Several people who have looked at it closely seem to believe that it should cost something like $5 billion or so assuming averaged costs in the industrialized world applied to the complexity of the project. I don't know how right or wrong they are. Suffice it to say Switzerland has traditionally managed to do civil engineering projects at significantly lower cost than Germany, France or the UK. E.g. the Channel tunnel after its 80% cost overrun came in at (using present day value of the original cost of of around GBP 5 billion, and early 2019 exchange rates) $16 to $20 billion (See for example this article) depending on which costs are counted as part of its construction (compare to $12 billion (2016) for the Gotthard Base Tunnels). Also using purchasing power parity instead of official bank exchange rates yield slightly different numbers. The Chunnel is three tubes like the proposed FinEst, of which the actual cost may or may not be what is currently estimated.

So coming back to the New Hudson Tubes or Gateway Tunnels, current estimates are running at $9.5 billion. That is still high by developed world standards, and ridiculously high by world standards. But it is being built in one of the highest cost markets in the world for which of course one gets the pleasure of paying a premium in cost. There is a very active attempt ongoing for cost containment, hopefully without undermining the quality of the product.
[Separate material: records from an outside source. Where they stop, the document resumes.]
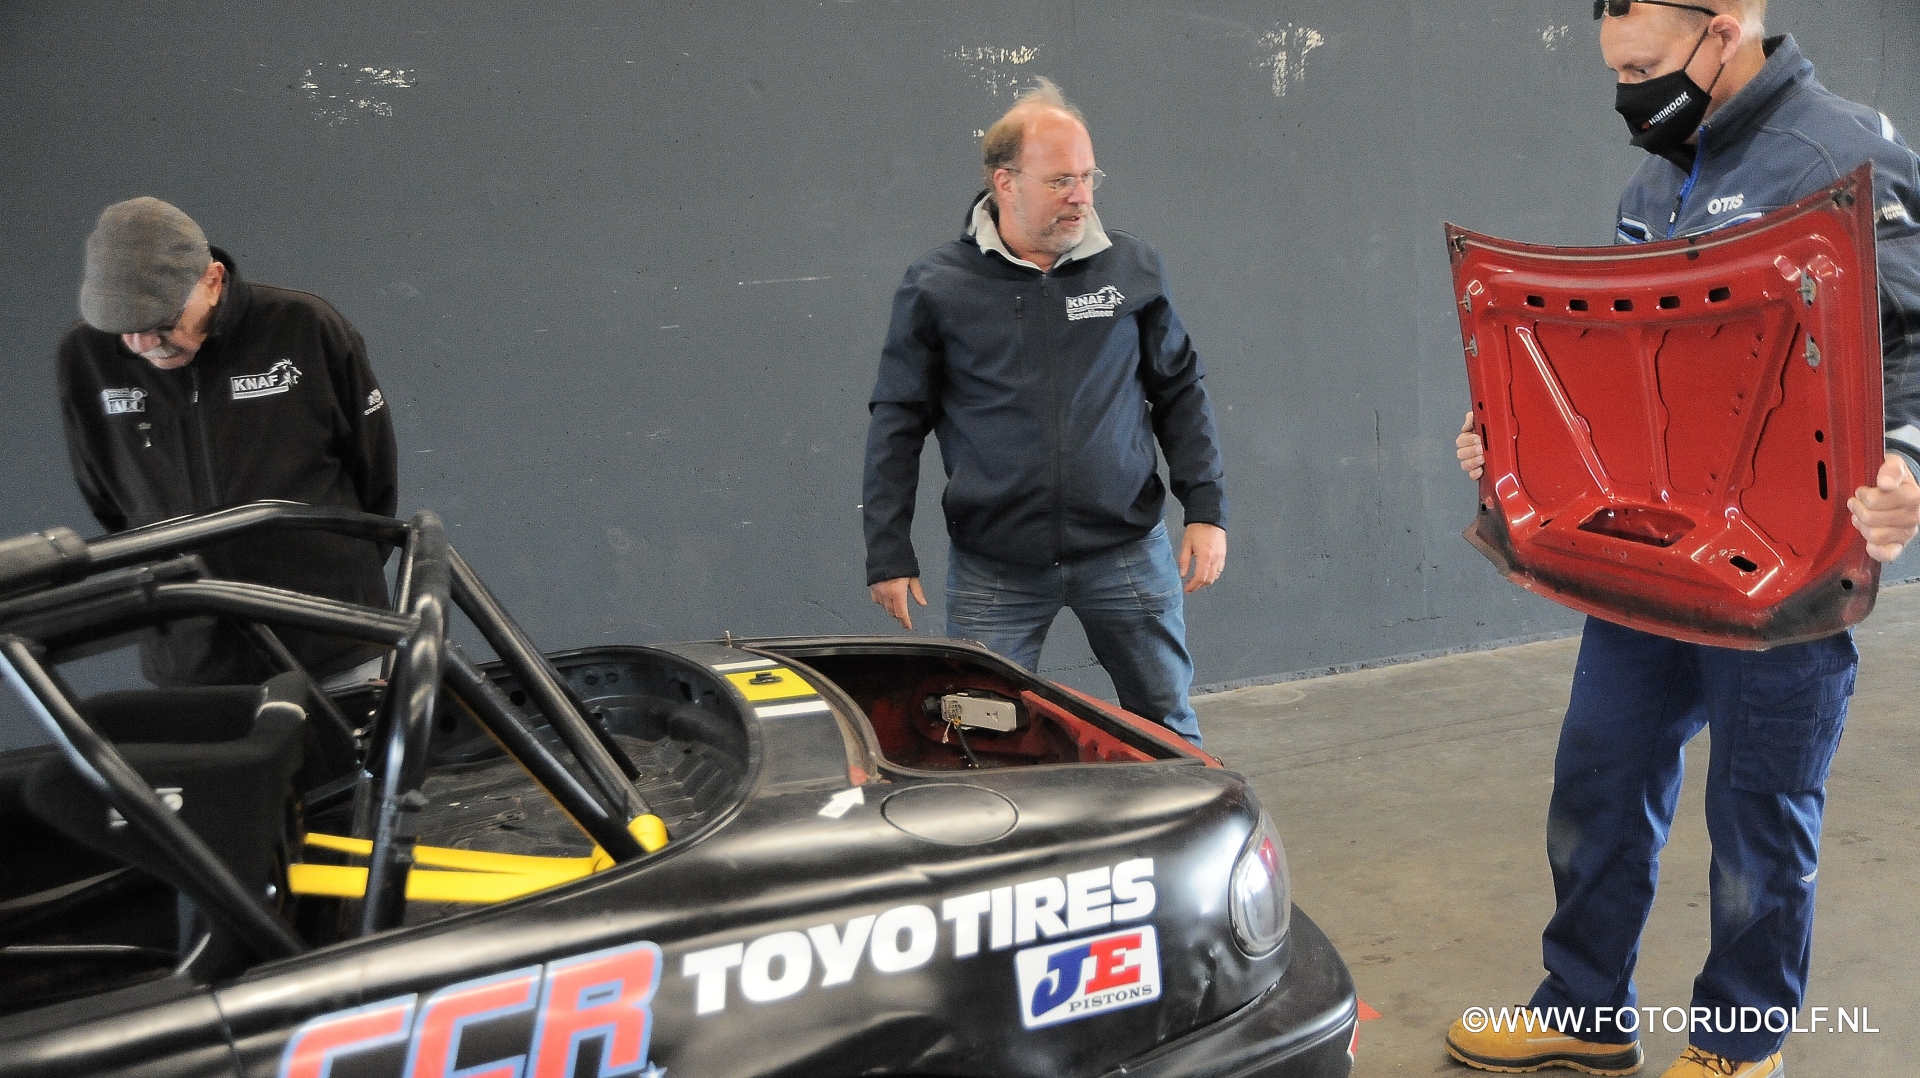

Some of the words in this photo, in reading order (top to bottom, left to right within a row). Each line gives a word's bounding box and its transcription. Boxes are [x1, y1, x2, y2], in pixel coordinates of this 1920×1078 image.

[1707, 193, 1744, 215] OTIS
[1068, 295, 1106, 308] KNAF
[233, 375, 279, 391] KNAF
[681, 904, 938, 1015] TOYO
[941, 857, 1156, 958] TIRES
[1031, 931, 1143, 1018] JE
[1068, 983, 1154, 1014] PISTONS
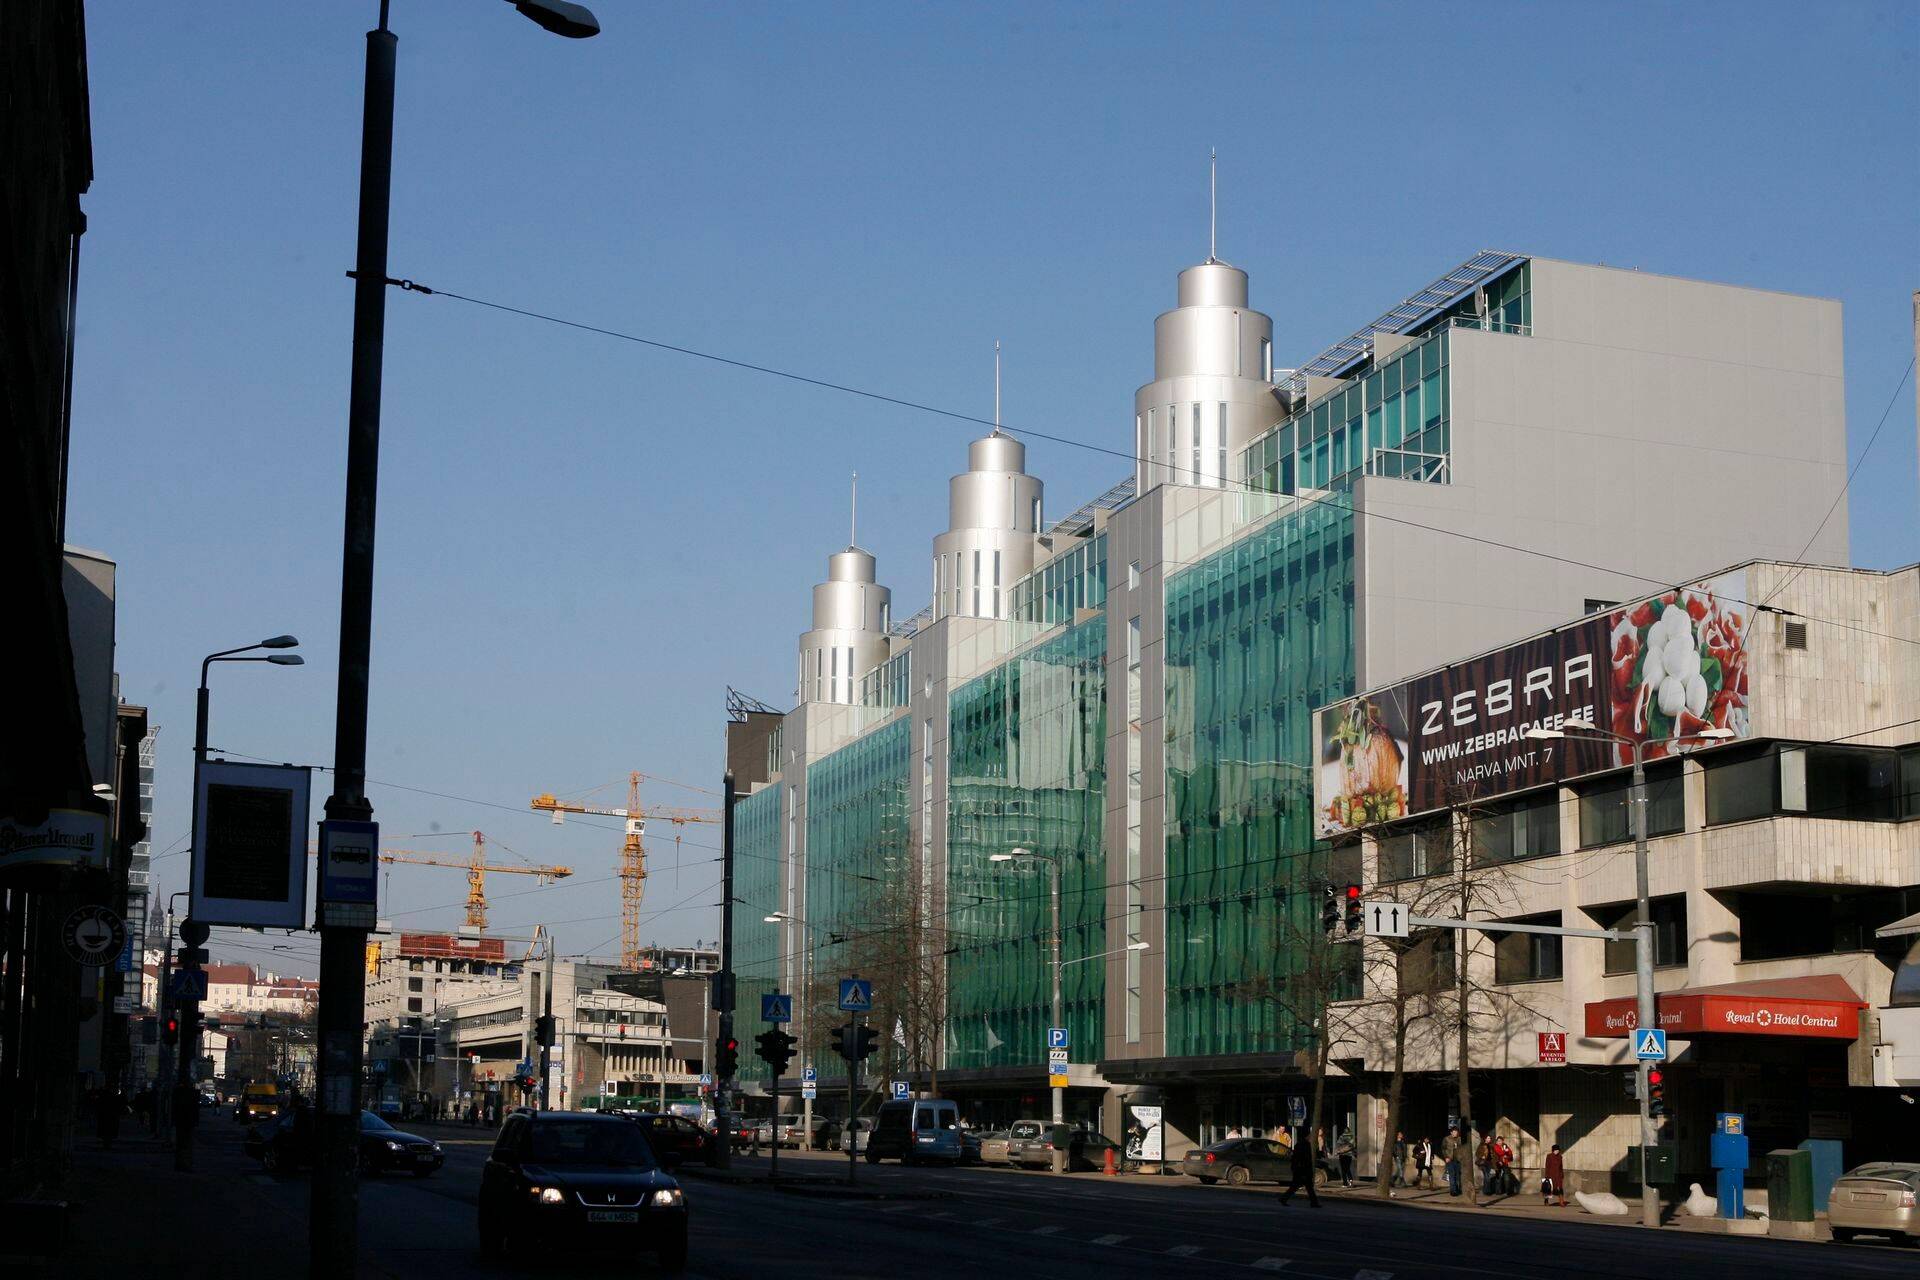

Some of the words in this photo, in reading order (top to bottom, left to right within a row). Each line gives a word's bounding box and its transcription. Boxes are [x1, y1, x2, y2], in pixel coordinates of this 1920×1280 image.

[1] The other reason of bloat for ARC was that NJT tried to add all sorts of additional tunnels and links to add real or imagined additional traffic to the tunnels in order to meet a bureaucratic cost per rider removed from road metric to get the project a high enough rating to make it a leading candidate for FTA new start funding. An unintended consequence I am sure of a well meaning FTA bureaucratic requirement.


----------



## velotrain (Aug 27, 2019)

velotrain said:


> America has largely always worked on greed, corruption and litigation - which partly explains the layering of our society. Much of Europe, Japan, Canada and maybe Australia and NZ at least appear to a layman to be more functional.
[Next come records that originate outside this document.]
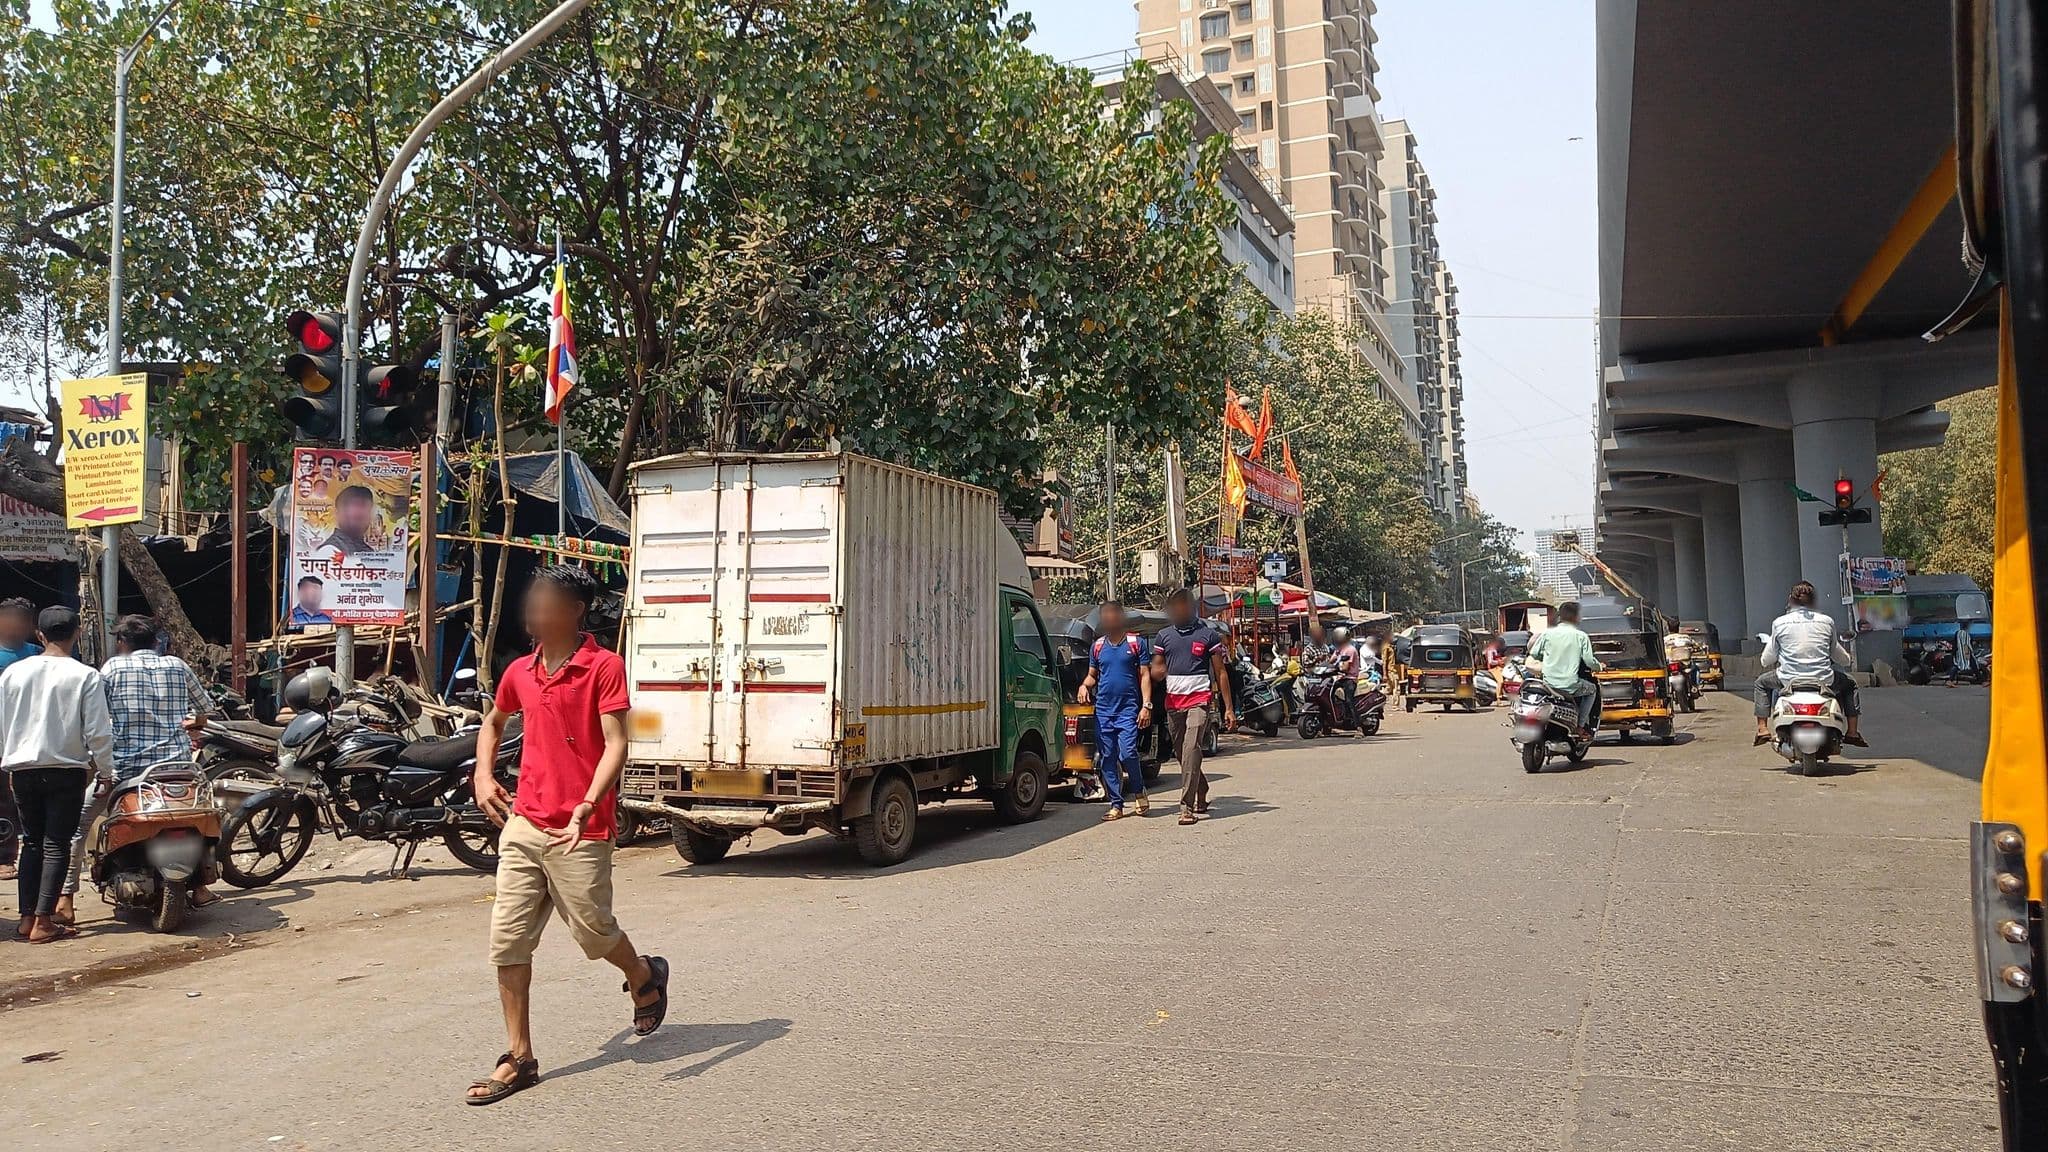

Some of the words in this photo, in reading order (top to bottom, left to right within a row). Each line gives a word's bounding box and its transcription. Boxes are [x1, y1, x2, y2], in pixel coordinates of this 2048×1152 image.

[67, 427, 140, 451] Xerox
[123, 467, 139, 475] Print
[393, 526, 405, 544] ५
[299, 558, 333, 580] राजू
[336, 593, 358, 605] अनंत
[358, 592, 385, 607] शुभेच्छा
Curious, I found this and discovered that my intuitive selection of countries was accurate, at least in one arena. The US is on the same level as China, and below the rest of the developed and "civilized" world - and much of northern Africa. https://en.wikipedia.org/wiki/List_of_countries_by_income_equality


----------



## jis (Aug 27, 2019)

Maybe we should stay with cost of tunnel projects instead of heading off into the world socio-political rabbit hole in this thread? There is the "Lounge" group of topics to start up a discussion of that rabbit hole if desired.


----------



## velotrain (Aug 27, 2019)

Sorry - Devil's Advocate's post made me wonder about possible historical-societal reasons behind cost discrepancies and that led me elsewhere.


----------



## jis (Aug 27, 2019)

velotrain said:


> Sorry - Devil's Advocate's post made me wonder about possible historical-societal reasons behind cost discrepancies and that led me elsewhere.


Hey it is a perfectly worthwhile thing to discuss. Let us just fire up a thread under the Lounge. Just my thoughts of course. Because otherwise we will very soon lose a place to discuss the cost and project details of the Gateway Tunnel and comparable projects specific stuff.


----------



## velotrain (Aug 27, 2019)

Thanks, but it was largely a personal investigation as I hadn't known much about those arenas. I'm not a political person and will try to stay OT in the future - Tunnels it is!


----------



## sttom (Aug 30, 2019)

European countries have a far different bidding process than we do. Here, only 1-3 companies may even qualify to bid on a project due to prevailing wage laws and laws trying to keep tax money within the state in question. In Europe, companies from anywhere in the EU can bid on projects. This is bad for some companies and countries since a lot of the former Eastern Block countries don't use the Euro yet, but it drives down costs through some amount of competition. 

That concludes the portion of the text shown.